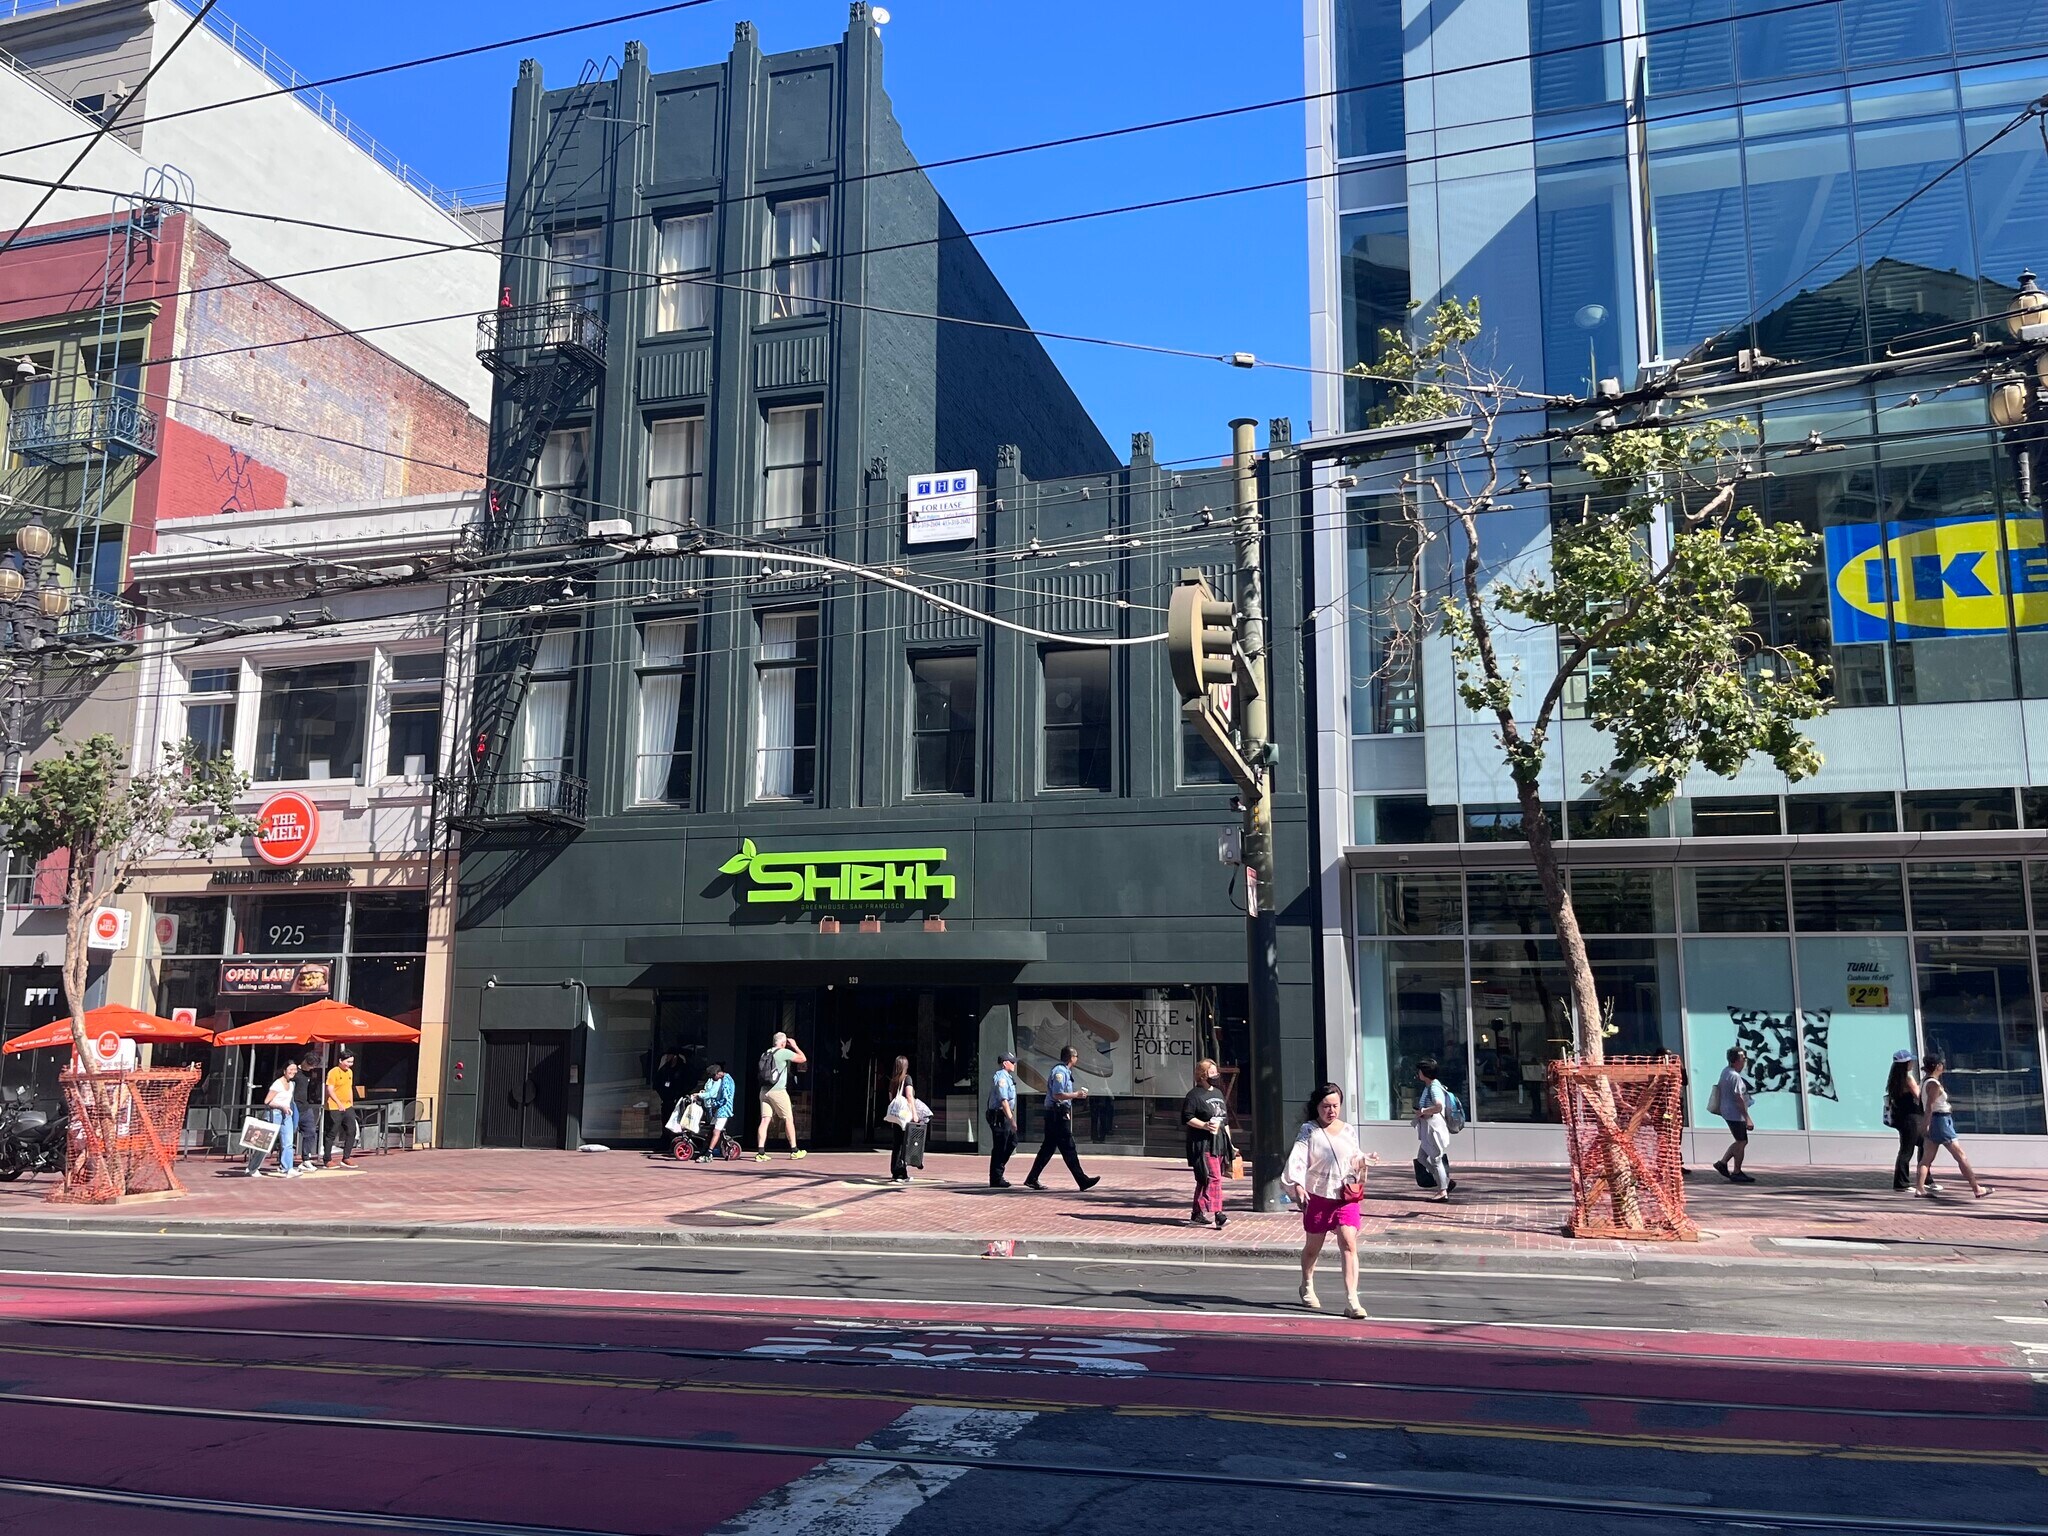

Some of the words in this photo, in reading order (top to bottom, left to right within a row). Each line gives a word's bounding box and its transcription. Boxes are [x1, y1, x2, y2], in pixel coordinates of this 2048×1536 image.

[922, 503, 938, 512] FOR
[940, 502, 962, 510] LEASE
[271, 812, 297, 825] THE
[262, 825, 305, 842] MELT
[269, 925, 305, 945] 925
[225, 967, 260, 982] OPEN
[261, 967, 296, 982] LATE!
[1847, 962, 1879, 972] TURILL
[238, 983, 258, 991] Melting
[1134, 1009, 1179, 1025] NIKE
[1134, 1025, 1169, 1040] AIR
[1134, 1039, 1193, 1056] FORCE
[1134, 1054, 1142, 1070] 1
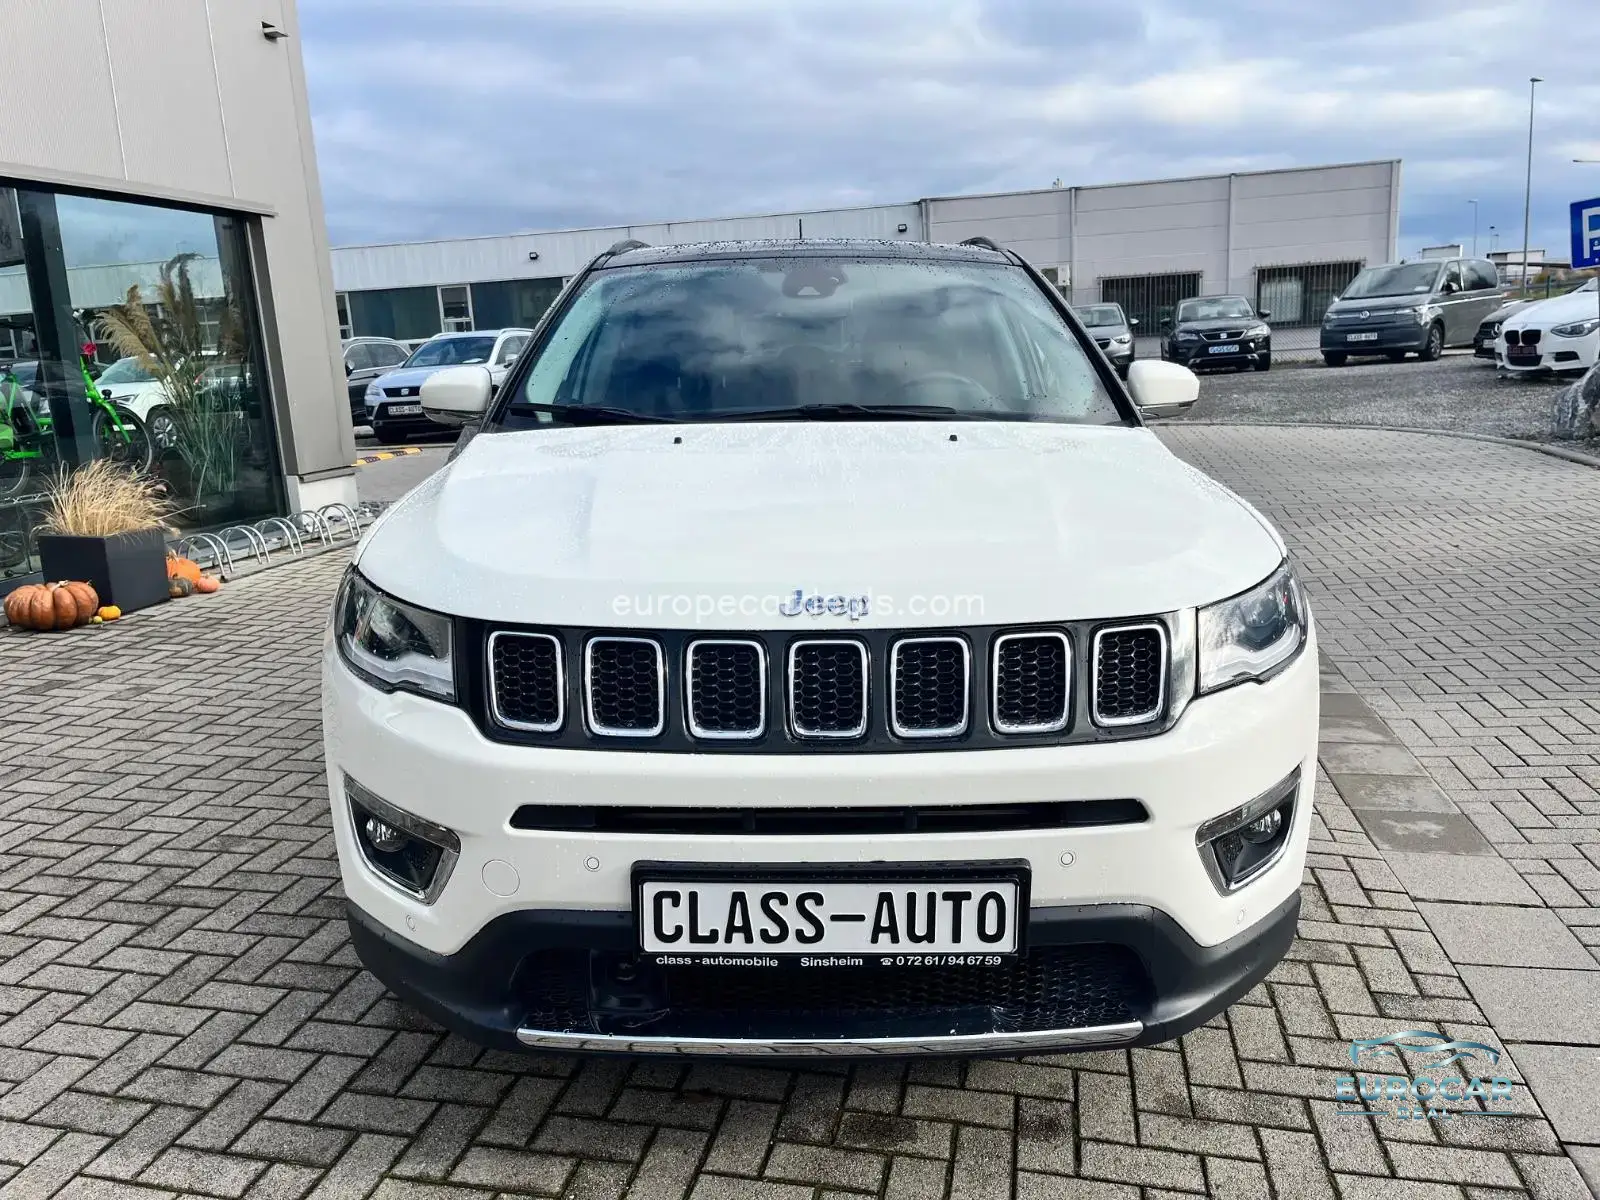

- [What the task requires]
The whole listing above must be returned exactly as written, with no pictures carried over.

- [Result of the task]
Some of the words in this photo, in reading order (top to bottom, left to right within a row). Each line gives a word's bounding box and its transcription. Boxes are [x1, y1, x2, y2], in pixel coordinates of this 2048×1536 image.

[922, 503, 938, 512] FOR
[940, 502, 962, 510] LEASE
[271, 812, 297, 825] THE
[262, 825, 305, 842] MELT
[269, 925, 305, 945] 925
[225, 967, 260, 982] OPEN
[261, 967, 296, 982] LATE!
[1847, 962, 1879, 972] TURILL
[238, 983, 258, 991] Melting
[1134, 1009, 1179, 1025] NIKE
[1134, 1025, 1169, 1040] AIR
[1134, 1039, 1193, 1056] FORCE
[1134, 1054, 1142, 1070] 1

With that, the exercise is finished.